What was it like working on this book when the coronavirus pandemic hit and the conditions of work changed for everyone?

We’re in a great moment to talk about how much work sucks because we have mass unemployment [and now] everybody has to think about these questions in ways that nerds like me spend all of our time thinking about. Suddenly people are considering who counts as essential workers, and asking why so-called “essential” work is the worst paid.

Close to a million new people are filing for unemployment every week. What if we all worked less and we distributed the work more evenly so that instead of some people working 70 hours a week and a bunch of people who aren’t working at all, we actually had everybody working a four-day or three-day week? What if we distributed resources and time so that everybody could enjoy a decent standard of living and had more time to do things that they actually like to do? What if we had the freedom to discover what those things even are?

The point of hope that I found again and again throughout the book, from Toys ’R Us employees to video game developers, was the formation of unions. Why is that a common thread?

A union can give you the sense that you’re part of something bigger than yourself, and that’s the best thing that can happen to a workplace. [In] the chapter “Proletarian Professionals,” [we] talk about how in a hospital or a factory, everyone is working together towards a common goal because the management wants them that way. Whereas in the university, we can feel really isolated and pitted against each other. In journalism too, we’re all waiting to get to do that one feature story.

Solitary working conditions, even before coronavirus eliminated offices, made it hard to feel a connection with your coworkers. But when you do figure out ways to come together, it’s often the best thing about the job. I think solidarity is a very human need. I’ve talked to factory workers at GM, Carrier, and others who are losing their jobs due to the factories closing. If they’re going to miss anything about their job, it’s each other.

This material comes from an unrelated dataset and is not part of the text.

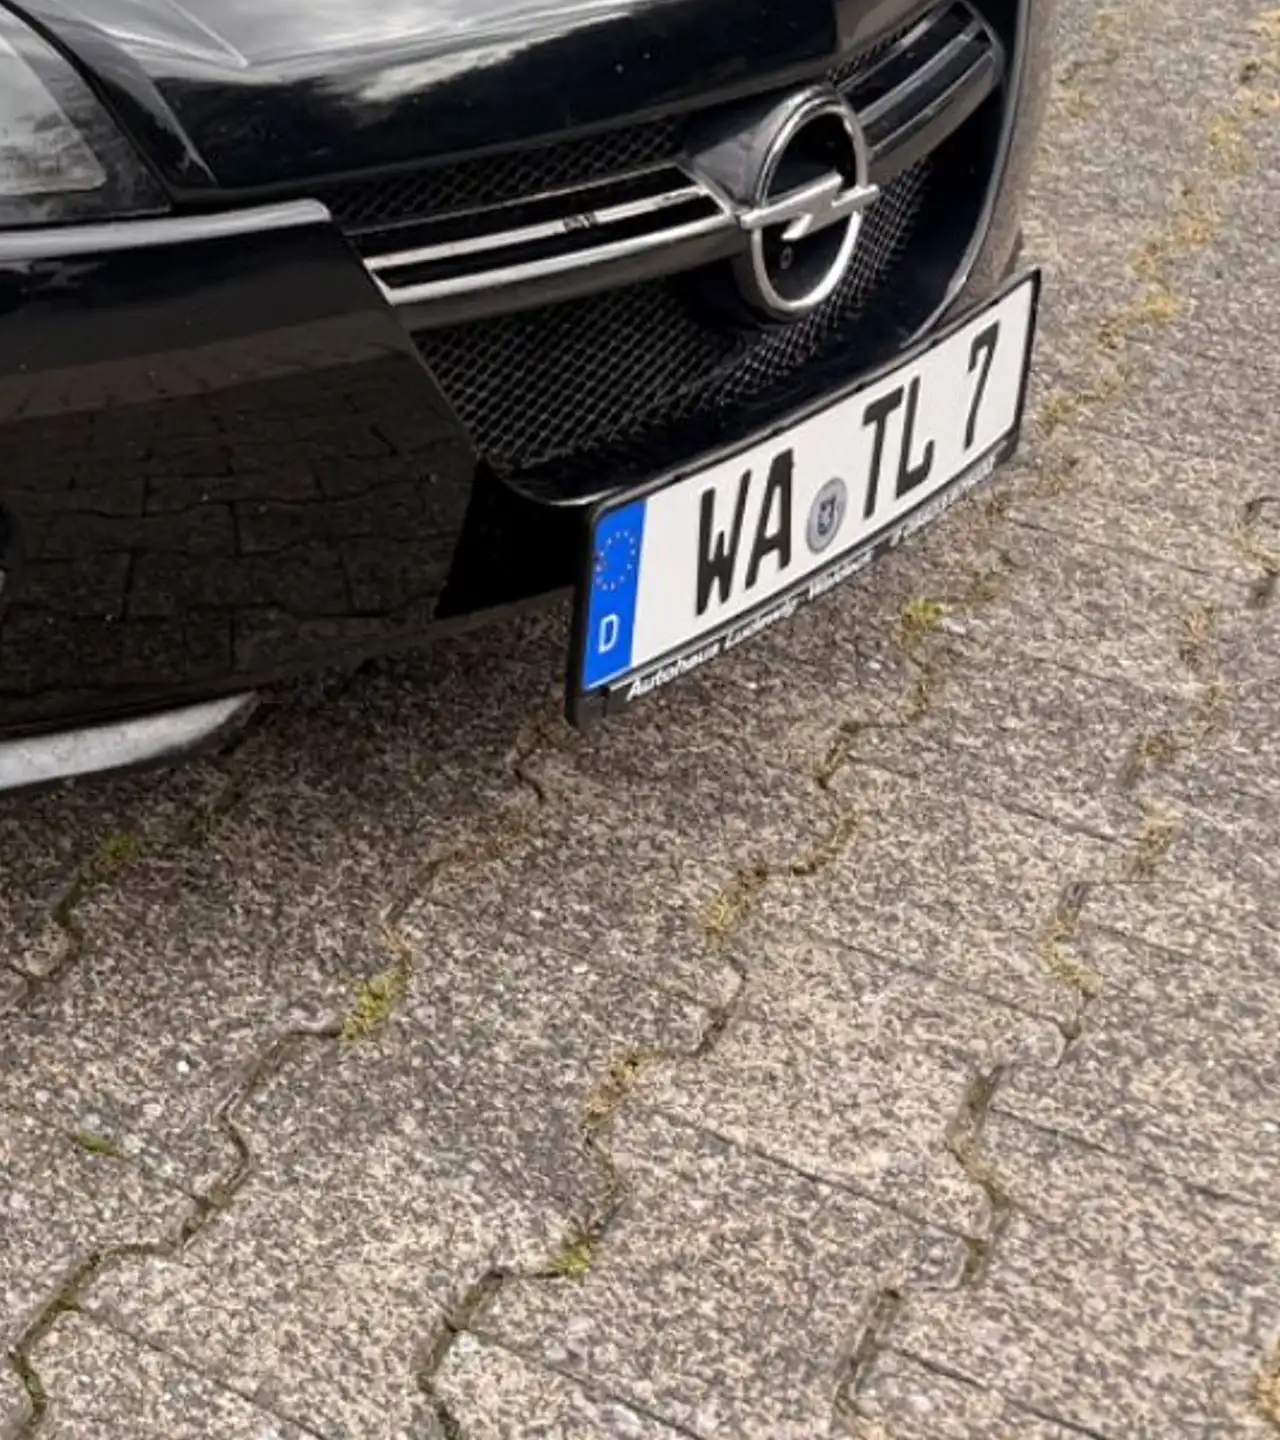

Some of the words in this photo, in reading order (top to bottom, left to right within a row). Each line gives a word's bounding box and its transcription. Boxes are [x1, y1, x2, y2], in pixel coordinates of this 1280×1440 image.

[696, 448, 794, 615] WA
[863, 376, 935, 520] TL
[964, 320, 1001, 450] 7
[599, 613, 618, 654] D

They miss the union if they’re union activists; they miss their buddies and getting one over on the foreman with a prank.

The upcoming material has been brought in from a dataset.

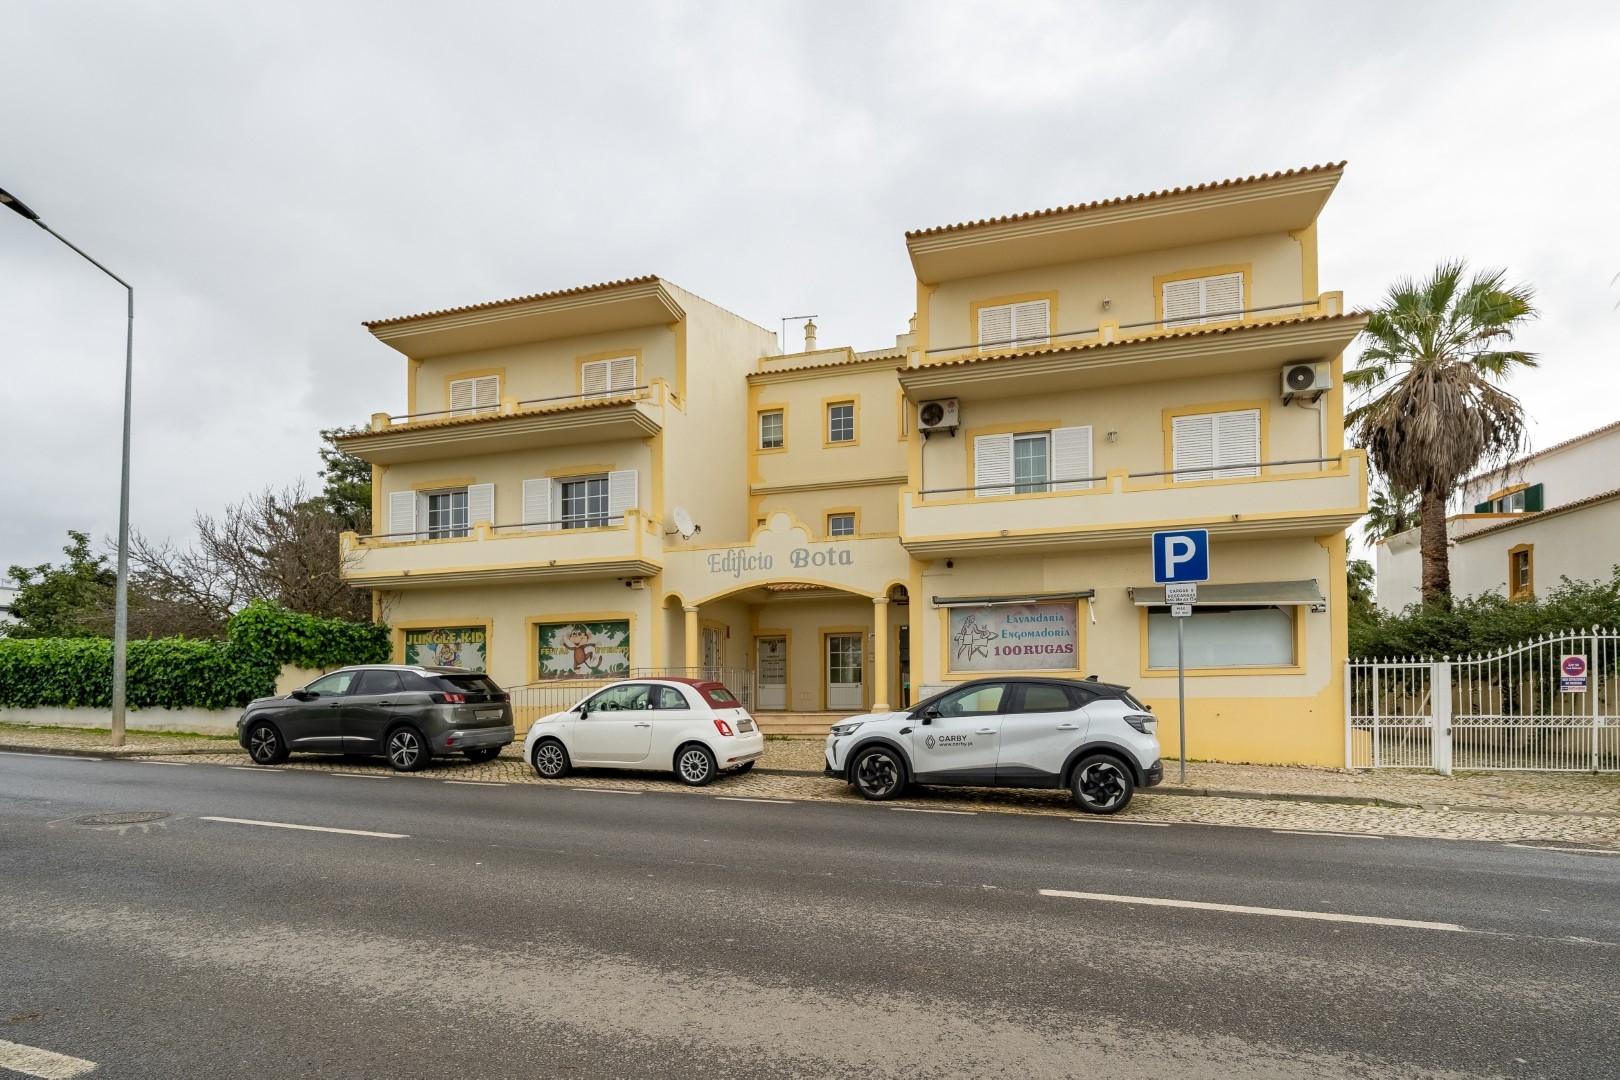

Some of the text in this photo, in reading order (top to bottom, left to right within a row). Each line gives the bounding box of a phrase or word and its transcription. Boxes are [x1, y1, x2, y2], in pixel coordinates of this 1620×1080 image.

[789, 546, 855, 569] Bota
[1165, 536, 1196, 578] P
[406, 631, 487, 645] JUNGLE KID

In 2016, Trump promised to curb those factory closures, though he ultimately failed. His name doesn’t come up in your book as much as he could have. Was that a conscious effort on your part?

Most of the workers that I talked to are not looking for a solution by electing someone. Politics is made and done in the street and in the workplace and in the consciousness-raising group and in so many different places, and it eventually trickles out to elections.

That’s not to say that elected officials cannot do things. The pandemic has reminded us how much they can do. They can send $1,200 checks to everybody. Turns out we can [provide] a basic income because we’ve done it now.

This interview has been condensed and edited for clarity.